*** Provided data ***

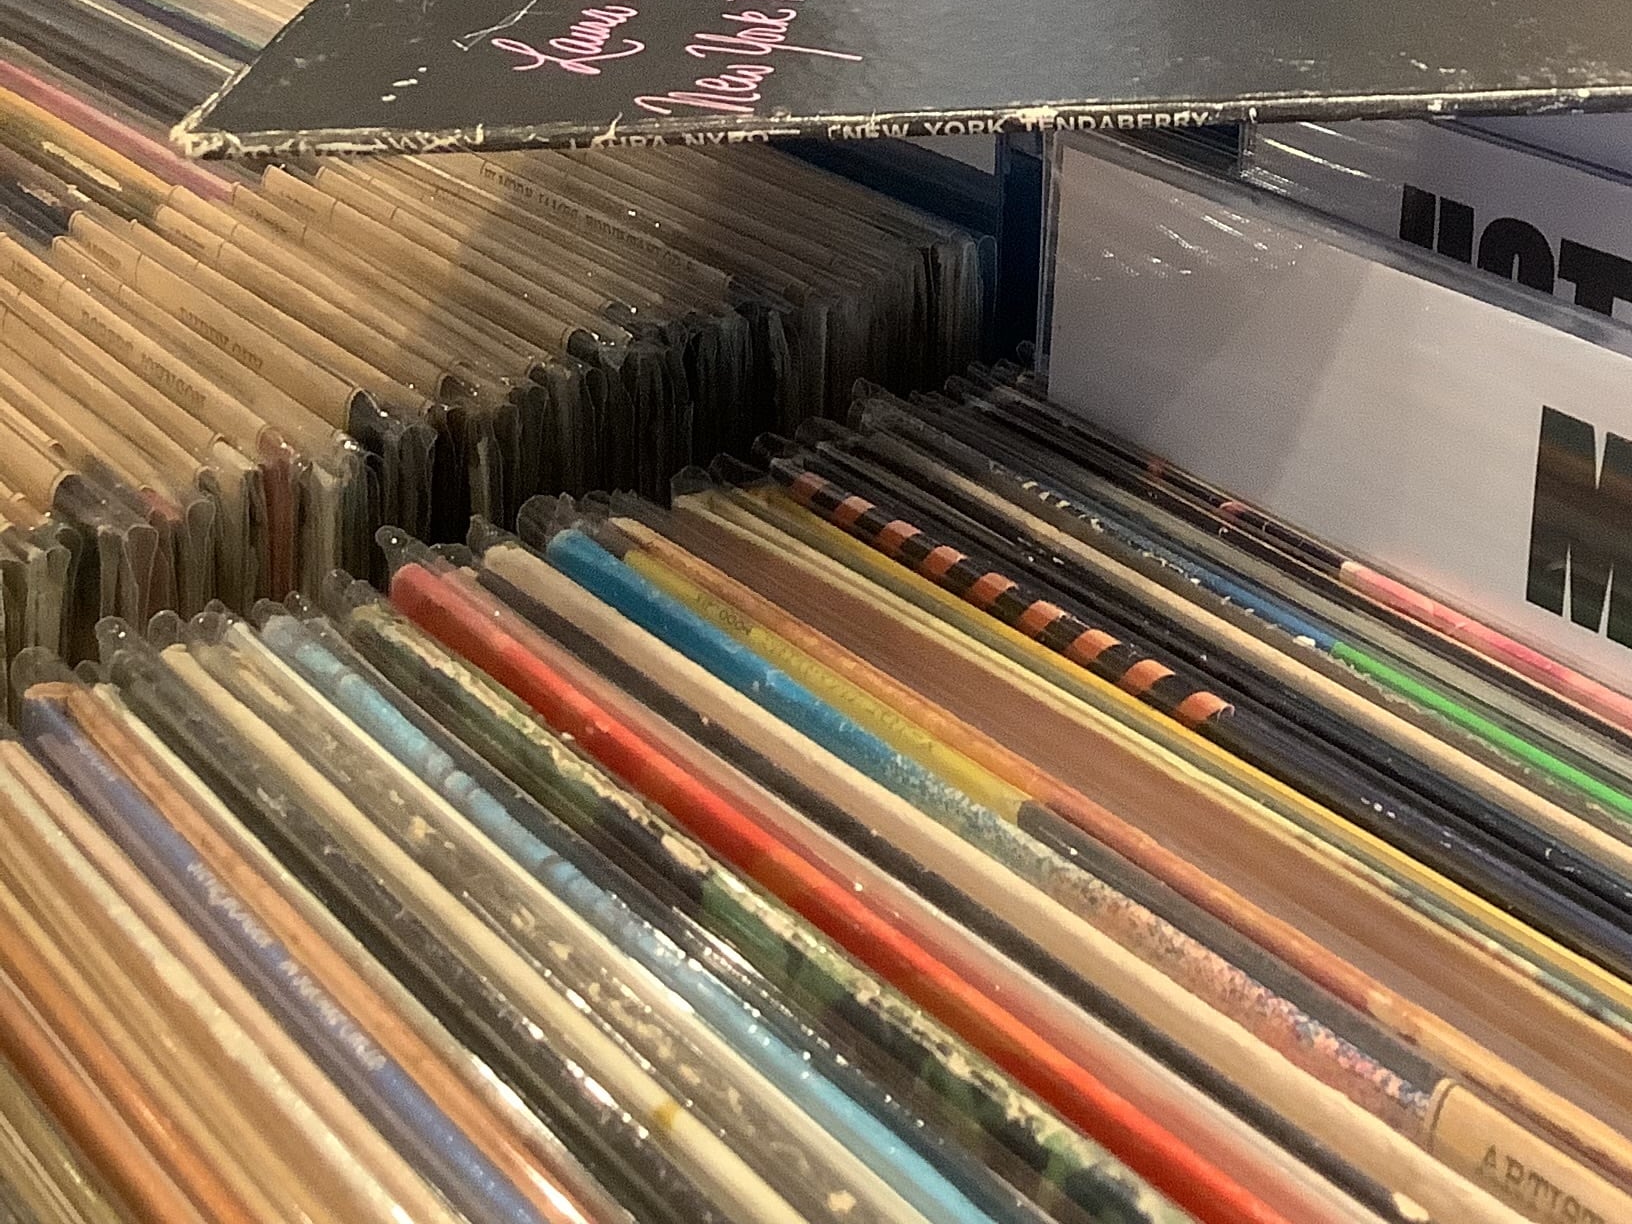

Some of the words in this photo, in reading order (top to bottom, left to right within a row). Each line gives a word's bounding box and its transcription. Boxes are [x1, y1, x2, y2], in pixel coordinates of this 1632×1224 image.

[490, 5, 646, 75] Laura
[684, 7, 864, 62] York
[633, 63, 776, 116] New
[924, 117, 1006, 137] YORK
[1018, 109, 1210, 133] TENDABERRY

*** End of Provided data ***

• **Description of the task**
Repeat the records in full, precisely, and keep the pictures out.

• **Answer section**
Some of the words in this photo, in reading order (top to bottom, left to right within a row). Each line gives a word's bounding box and its transcription. Boxes are [x1, y1, x2, y2], in pixel coordinates of this 1632×1224 image.

[490, 5, 646, 75] Laura
[684, 7, 864, 62] York
[633, 63, 776, 116] New
[924, 117, 1006, 137] YORK
[1018, 109, 1210, 133] TENDABERRY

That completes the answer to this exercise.